**YOUR GOAL**
Write the data out again exactly, with no pictures.

○ ○ ○ ○

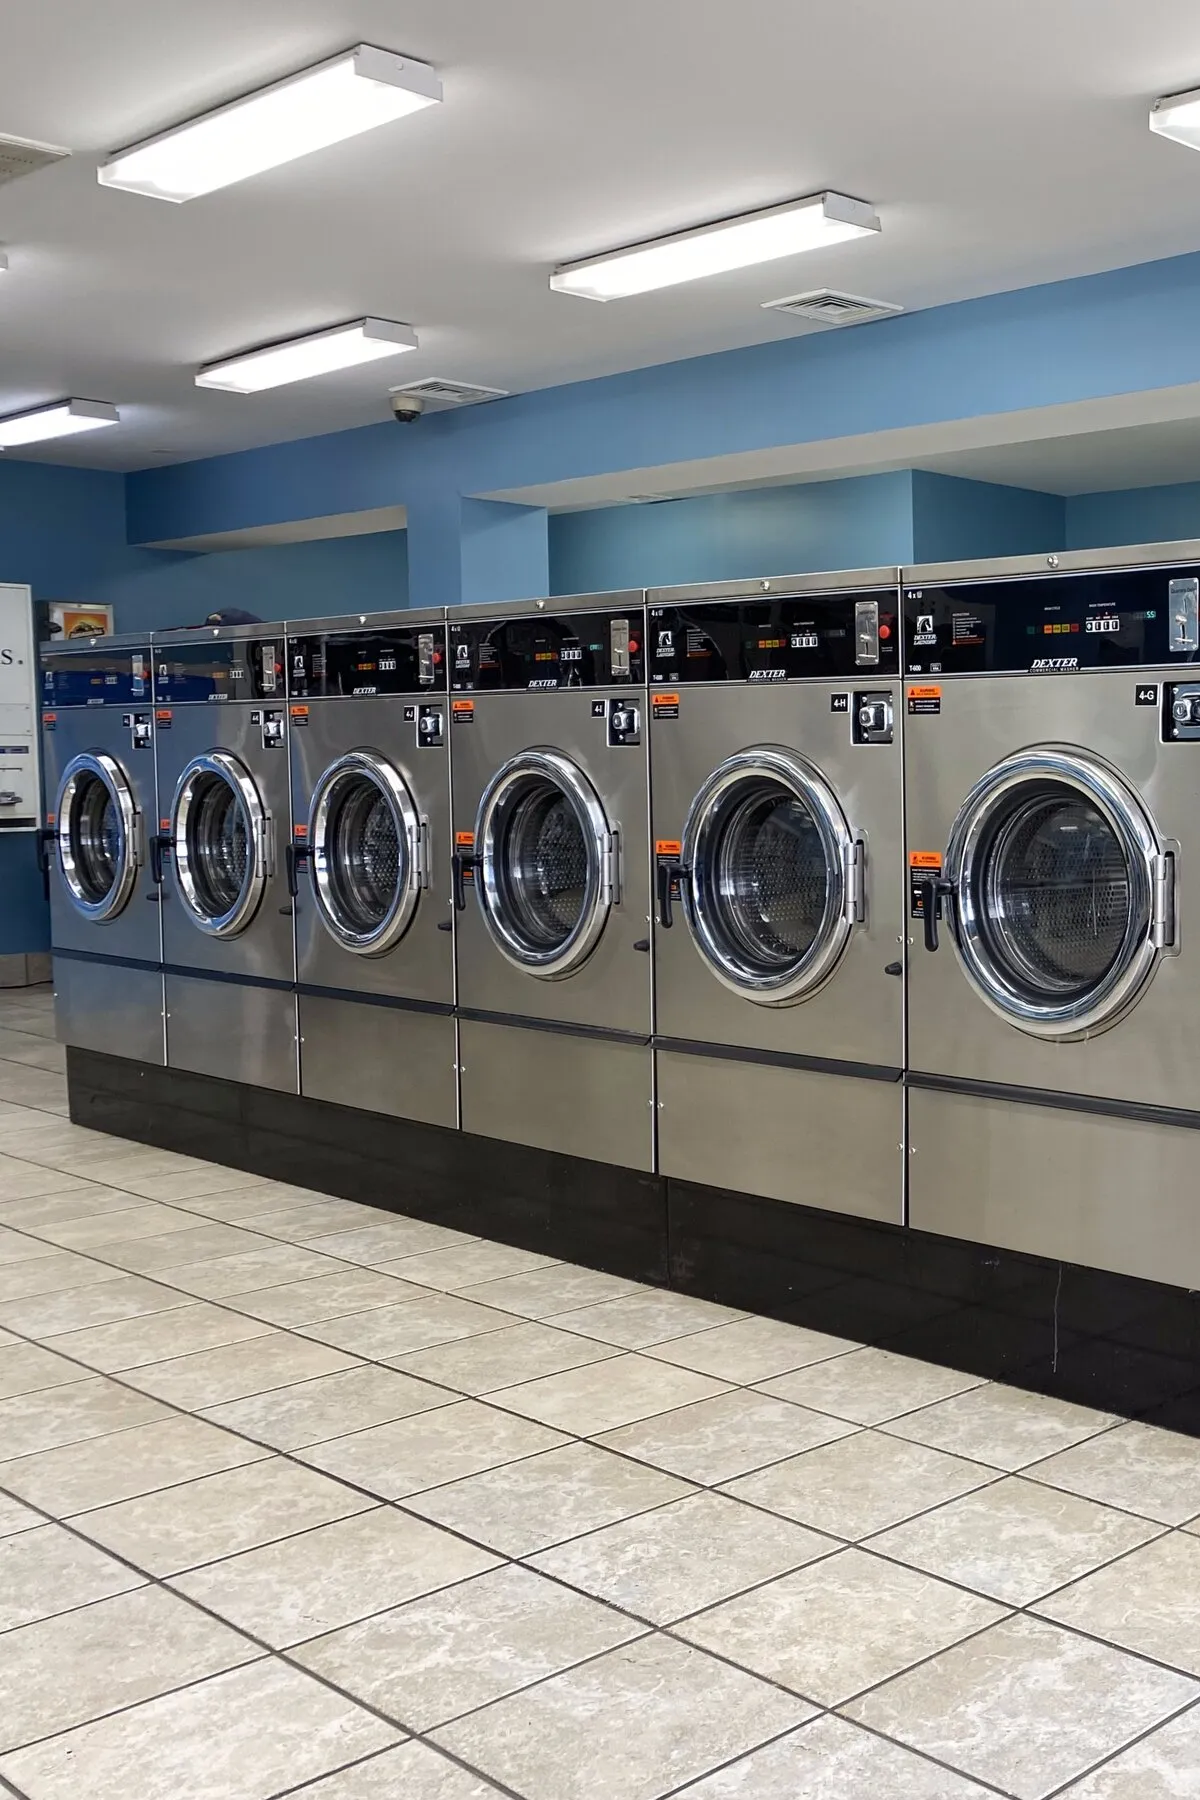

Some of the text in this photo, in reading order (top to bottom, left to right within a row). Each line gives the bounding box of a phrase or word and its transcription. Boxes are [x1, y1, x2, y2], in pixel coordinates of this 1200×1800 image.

[1031, 658, 1078, 668] DEXTER
[749, 670, 785, 678] DEXTER
[528, 680, 557, 688] DEXTER
[1139, 691, 1154, 700] 4-G
[834, 699, 846, 707] 4-H

○ ○ ○ ○

**SOLUTION BELOW**
Some of the text in this photo, in reading order (top to bottom, left to right within a row). Each line gives the bounding box of a phrase or word and its transcription. Boxes are [x1, y1, x2, y2], in pixel coordinates of this 1200×1800 image.

[1031, 658, 1078, 668] DEXTER
[749, 670, 785, 678] DEXTER
[528, 680, 557, 688] DEXTER
[1139, 691, 1154, 700] 4-G
[834, 699, 846, 707] 4-H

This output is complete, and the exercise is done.